Here’s a convicting quote from George MacDonald; far too often, I also fuss over small, trifling things, and waste my time fretting about unimportant quarrels and worries… I should be able to let these small things go when they are taken from me or lost, not because it is wrong to care for them, but because I know my sovereign God ordains even the smallest things that come to pass, such as, losing a book or picking the checkout line in the grocery store that has the most annoying person in the store in front of me.
This quote is taken from a book of George MacDonald quotes, compiled by C.S. Lewis.
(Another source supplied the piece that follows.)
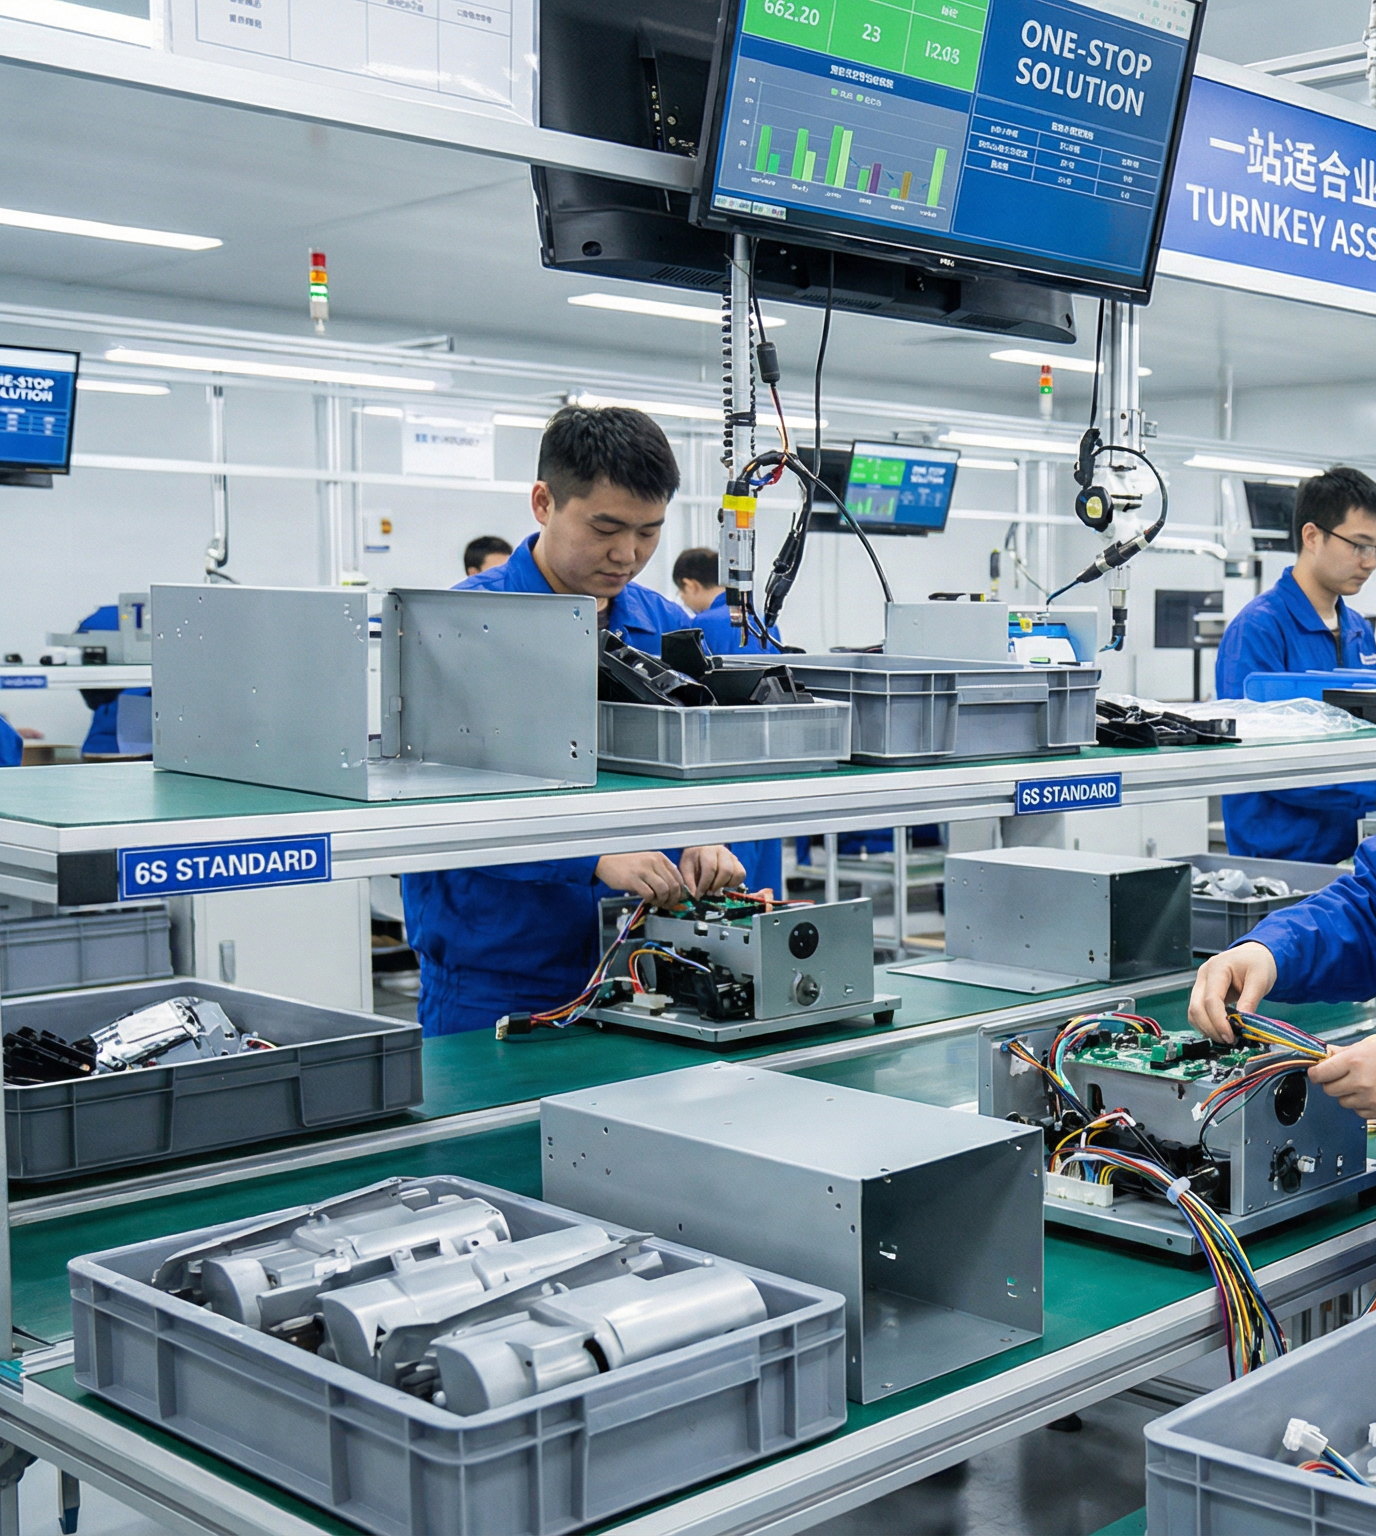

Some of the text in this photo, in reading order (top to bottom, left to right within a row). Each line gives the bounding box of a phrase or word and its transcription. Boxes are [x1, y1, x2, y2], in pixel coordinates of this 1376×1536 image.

We, too, dull our understandings with trifles, fill the heavenly spaces with phantoms, waste the heavenly time with hurry. When I trouble myself over a trifle, even a trifle confessed — the loss of some little article, say — spurring my memory, and hunting the house, not from immediate need, but from dislike of loss; when a book has been borrowed of me and not returned, and I have forgotten the borrower, and fret over the missing volume… is it not time I lost a few things when I care for them so unreasonably? This losing of things is of the mercy of God: it comes to teach us to let them go. Or have I forgotten a thought that came to me, which seemed of the truth?… I keep trying and trying to call it back, feeling a poor man till that thought be recovered — to be far more lost, perhaps, in a notebook, into which I shall never look again to find it! I forgot that it is the live things God cares about.
— George MacDonald
Coram Deo!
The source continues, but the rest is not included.